The course introduces Alexander Osterwalder’s Business Model Canvas concept, designed to map out commercialization hypotheses for validation through active contact with some 10 to 15 potential customers, partners, and regulators weekly. Startups then build their product or service incrementally, refining or revising as they learn more. At the end of the course, each team must attend a two-day report-out session where they share what they did, and learned, with peers.

“It’s quite similar to what scientists already do: It’s about framing hypotheses, designing experiments, running those experiments, getting some data, extracting some insight, and either validating or invalidating hypotheses. Boy, that sounds like what scientists have been doing for hundreds of years,” Blank said.

“We’re just now observing that we could actually apply that to the commercial side of the business, and we could teach you what those hypotheses mean in a very short order. We can give you enough information for you to understand what some of the regulatory and IP and reimbursement and other commercial issues are,” Blank added. “Companies regardless of their industry that use this method tend to be incredibly more efficient in the use of their time and capital. It doesn’t guarantee success, but it in fact accelerates efficiency. That’s what we’re going to do for the NIH.”

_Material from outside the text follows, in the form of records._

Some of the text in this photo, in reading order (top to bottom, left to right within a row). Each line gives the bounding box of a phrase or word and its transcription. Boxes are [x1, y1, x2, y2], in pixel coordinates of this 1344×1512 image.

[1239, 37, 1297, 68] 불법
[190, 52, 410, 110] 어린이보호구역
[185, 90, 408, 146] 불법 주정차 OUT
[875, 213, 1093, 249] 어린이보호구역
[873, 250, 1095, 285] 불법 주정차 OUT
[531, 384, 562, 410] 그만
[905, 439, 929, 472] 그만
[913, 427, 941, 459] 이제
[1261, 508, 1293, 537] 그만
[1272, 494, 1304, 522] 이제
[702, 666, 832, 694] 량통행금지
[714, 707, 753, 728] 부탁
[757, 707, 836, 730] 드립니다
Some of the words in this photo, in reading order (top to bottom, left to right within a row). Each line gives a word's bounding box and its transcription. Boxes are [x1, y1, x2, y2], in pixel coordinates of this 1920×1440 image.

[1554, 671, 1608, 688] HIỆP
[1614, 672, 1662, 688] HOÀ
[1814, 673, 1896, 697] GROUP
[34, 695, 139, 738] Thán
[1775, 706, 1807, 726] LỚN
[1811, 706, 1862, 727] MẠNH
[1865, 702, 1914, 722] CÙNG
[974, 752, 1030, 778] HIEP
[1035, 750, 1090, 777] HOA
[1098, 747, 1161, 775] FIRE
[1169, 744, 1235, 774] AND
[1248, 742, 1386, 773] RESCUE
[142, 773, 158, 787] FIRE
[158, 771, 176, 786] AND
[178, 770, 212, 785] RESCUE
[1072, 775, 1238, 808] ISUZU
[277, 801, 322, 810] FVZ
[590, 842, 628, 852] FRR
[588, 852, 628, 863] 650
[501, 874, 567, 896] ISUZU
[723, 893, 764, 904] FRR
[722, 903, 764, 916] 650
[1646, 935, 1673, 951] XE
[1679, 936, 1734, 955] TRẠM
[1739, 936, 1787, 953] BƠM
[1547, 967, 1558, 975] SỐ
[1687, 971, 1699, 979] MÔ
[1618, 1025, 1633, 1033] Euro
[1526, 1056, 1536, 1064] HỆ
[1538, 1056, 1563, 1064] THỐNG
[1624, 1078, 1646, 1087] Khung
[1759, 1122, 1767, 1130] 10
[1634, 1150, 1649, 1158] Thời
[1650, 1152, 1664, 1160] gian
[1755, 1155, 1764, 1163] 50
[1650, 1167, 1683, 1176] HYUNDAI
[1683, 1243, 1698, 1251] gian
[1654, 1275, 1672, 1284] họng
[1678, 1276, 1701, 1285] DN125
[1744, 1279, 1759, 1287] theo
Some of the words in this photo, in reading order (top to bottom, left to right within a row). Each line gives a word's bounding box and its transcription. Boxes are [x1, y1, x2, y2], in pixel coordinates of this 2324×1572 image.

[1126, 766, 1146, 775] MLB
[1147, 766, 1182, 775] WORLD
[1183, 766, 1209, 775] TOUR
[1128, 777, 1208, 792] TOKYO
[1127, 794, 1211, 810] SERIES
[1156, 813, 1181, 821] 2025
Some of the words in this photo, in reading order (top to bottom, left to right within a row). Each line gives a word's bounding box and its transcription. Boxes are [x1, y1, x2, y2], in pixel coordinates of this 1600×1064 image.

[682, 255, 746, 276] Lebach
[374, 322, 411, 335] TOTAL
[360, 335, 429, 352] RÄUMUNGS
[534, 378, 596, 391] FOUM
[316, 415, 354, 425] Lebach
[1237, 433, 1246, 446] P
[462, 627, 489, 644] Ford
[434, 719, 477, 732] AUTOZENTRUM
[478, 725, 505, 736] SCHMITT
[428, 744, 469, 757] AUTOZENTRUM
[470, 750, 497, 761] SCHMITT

I-Corps trains the teams to commercialize their ideas cheaper and faster by applying “lean” startup concepts articulated by Blank and protégé Eric Ries, who like Blank is a Silicon Valley entrepreneur and author. The lean paradigm stresses creating more value for customers with fewer resources. Teams launch and grow their startups using lean methods that include: 

  • Define clinical utility before spending millions of dollars
  • Understand their core customers, and the sales and marketing process required for initial clinical sales and downstream commercialization
  • Assess intellectual property and regulatory risk before they design and build
  • Gather data essential to customer partnerships/collaboration before doing the science
  • Identify financial vehicles before they need them

How much is lean management expected to drive the science of startups, and how much, complement the science?

“Making the science more accessible and better is a different process than understanding commercialization, and they need to occur in parallel. They need to be driven, initially, by the PI, the big idea,” said Blank.

Yet PIs need to understand business processes such as regulation, IT, reimbursement, and managing clinical trials – processes that traditional biopharma CEOs have until lately largely relegated to other executives, or to third parties: “That really does a disservice, we now understand, to the commercialization activity. It’s not something you can outsource. If you want a successful license, or partnership, or new venture, you actively have to be involved in commercialization,” Blank said.

“The key part about I-Corps is, we now know a process to teach principal investigators this without making them MBAs,” Blank added. “We can do it very rapidly and efficiently, such that they will have an appreciation for the rest of their careers about what this other component of building a commercial venture means.”